» **What is expected**: The entries that follow must be given again exactly, with no pictures kept.

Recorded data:
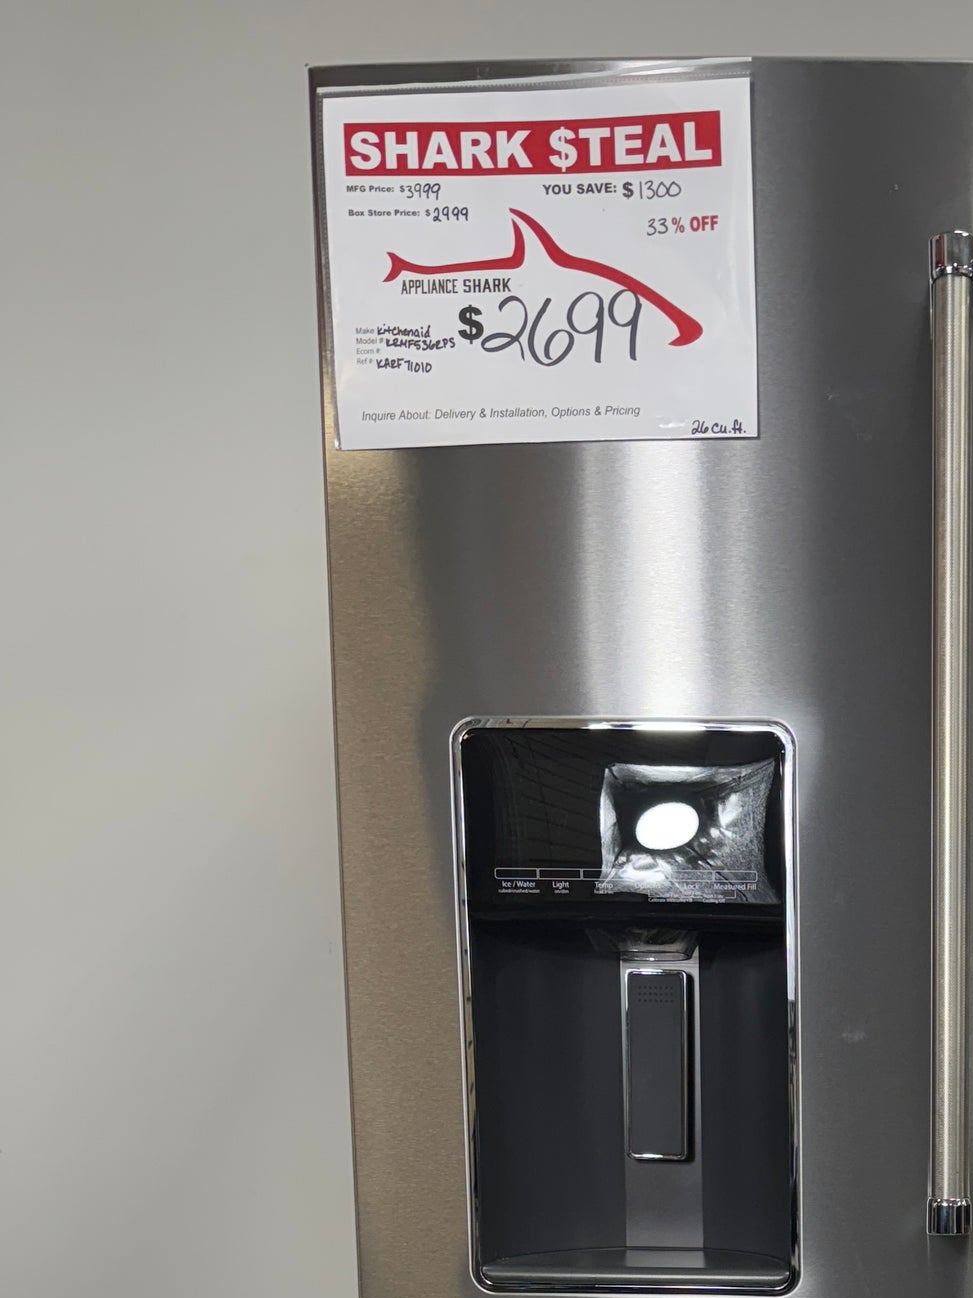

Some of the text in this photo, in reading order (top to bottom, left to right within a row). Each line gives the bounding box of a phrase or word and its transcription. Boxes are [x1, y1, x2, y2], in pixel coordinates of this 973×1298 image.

[350, 121, 713, 172] SHARK $TEAL
[346, 185, 366, 193] MFG
[368, 185, 395, 193] Price:
[543, 183, 572, 195] YOU
[576, 182, 617, 195] SAVE:
[348, 209, 365, 217] Box
[367, 209, 391, 217] Store
[394, 209, 420, 217] Price:
[689, 215, 719, 232] OFF
[401, 278, 511, 295] APPLIANCE SHARK
[356, 337, 377, 345] Model
[362, 411, 396, 423] Inquire
[434, 408, 476, 421] Delivery
[479, 407, 487, 418] &
[490, 406, 547, 419] Installation,
[551, 406, 591, 418] Options
[594, 406, 601, 416] &
[604, 405, 641, 417] Pricing
[552, 881, 570, 889] Light
[683, 882, 699, 890] Lock
[714, 883, 744, 891] Measured
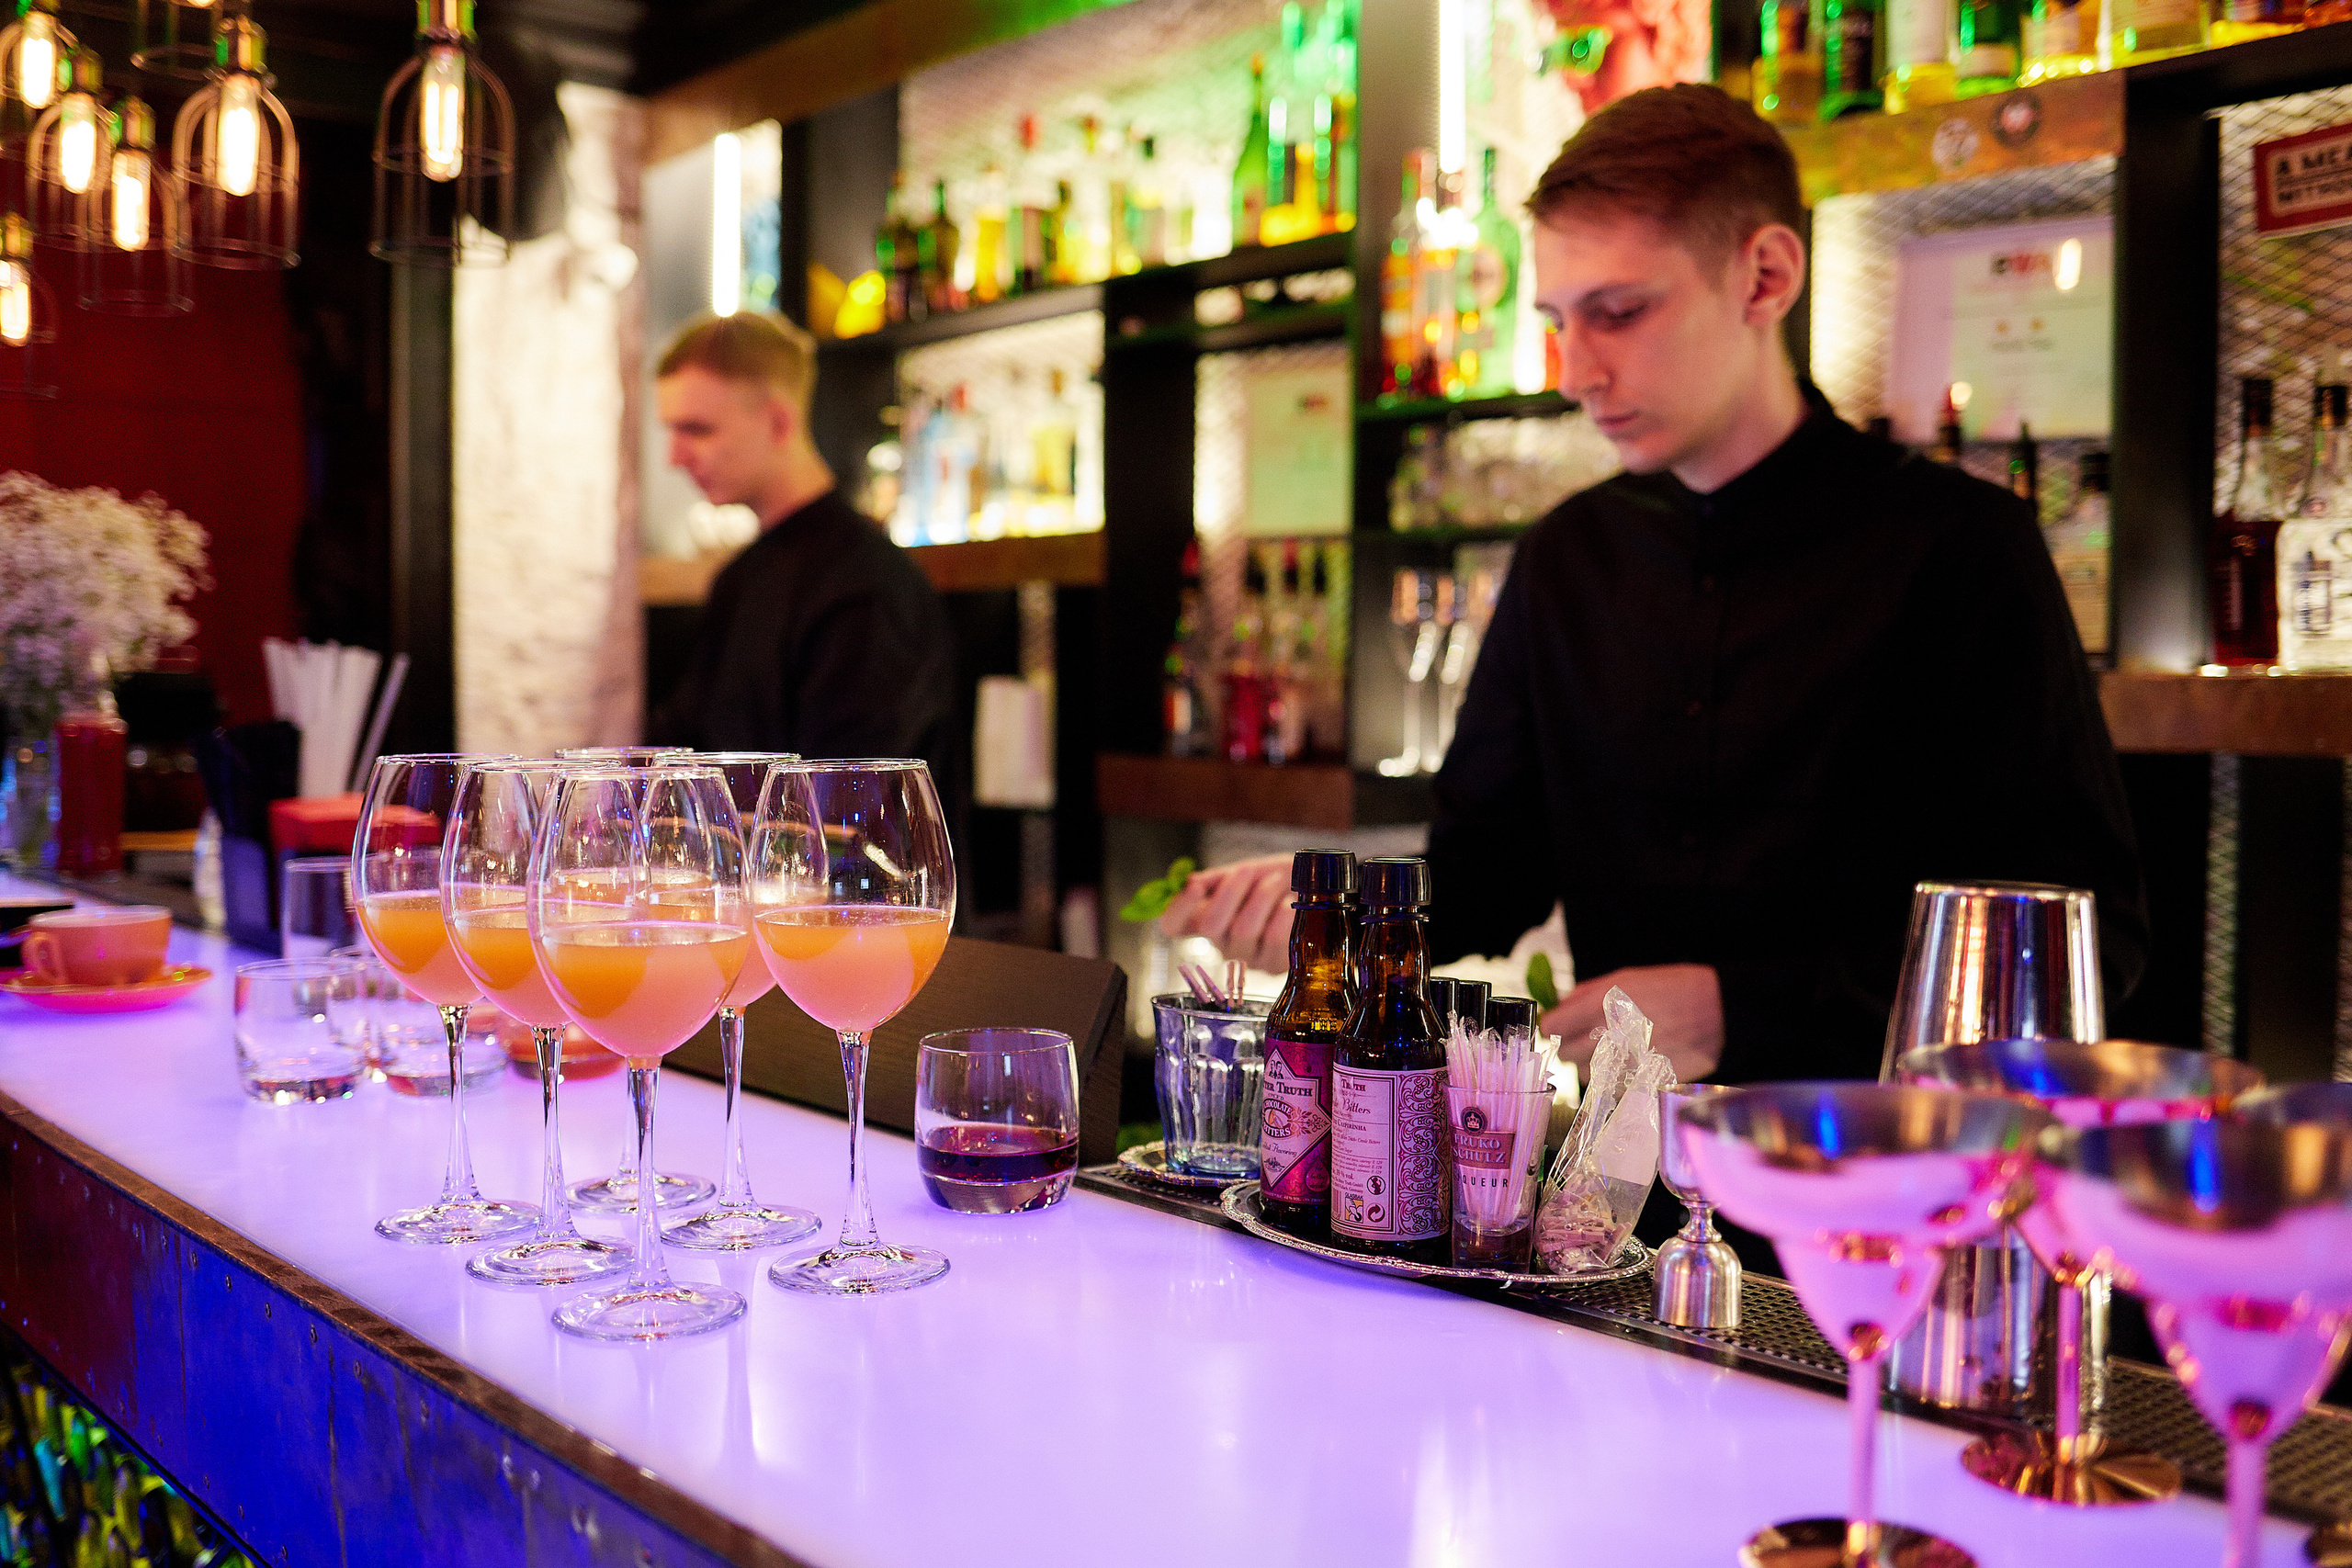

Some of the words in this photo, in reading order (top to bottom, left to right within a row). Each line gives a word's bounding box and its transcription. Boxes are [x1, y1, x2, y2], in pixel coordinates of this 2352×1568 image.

[1276, 1081, 1314, 1097] TRUTH
[1341, 1098, 1371, 1114] Bitters
[1454, 1133, 1501, 1150] FRUKO
[1453, 1146, 1506, 1164] SCHULZ

» **Expected answer**:
Some of the text in this photo, in reading order (top to bottom, left to right within a row). Each line gives the bounding box of a phrase or word and its transcription. Boxes are [x1, y1, x2, y2], in pixel coordinates of this 973×1298 image.

[350, 121, 713, 172] SHARK $TEAL
[346, 185, 366, 193] MFG
[368, 185, 395, 193] Price:
[543, 183, 572, 195] YOU
[576, 182, 617, 195] SAVE:
[348, 209, 365, 217] Box
[367, 209, 391, 217] Store
[394, 209, 420, 217] Price:
[689, 215, 719, 232] OFF
[401, 278, 511, 295] APPLIANCE SHARK
[356, 337, 377, 345] Model
[362, 411, 396, 423] Inquire
[434, 408, 476, 421] Delivery
[479, 407, 487, 418] &
[490, 406, 547, 419] Installation,
[551, 406, 591, 418] Options
[594, 406, 601, 416] &
[604, 405, 641, 417] Pricing
[552, 881, 570, 889] Light
[683, 882, 699, 890] Lock
[714, 883, 744, 891] Measured

Some of the words in this photo, in reading order (top to bottom, left to right within a row). Each line gives a word's bounding box and its transcription. Boxes are [x1, y1, x2, y2], in pixel coordinates of this 2352×1568 image.

[1276, 1081, 1314, 1097] TRUTH
[1341, 1098, 1371, 1114] Bitters
[1454, 1133, 1501, 1150] FRUKO
[1453, 1146, 1506, 1164] SCHULZ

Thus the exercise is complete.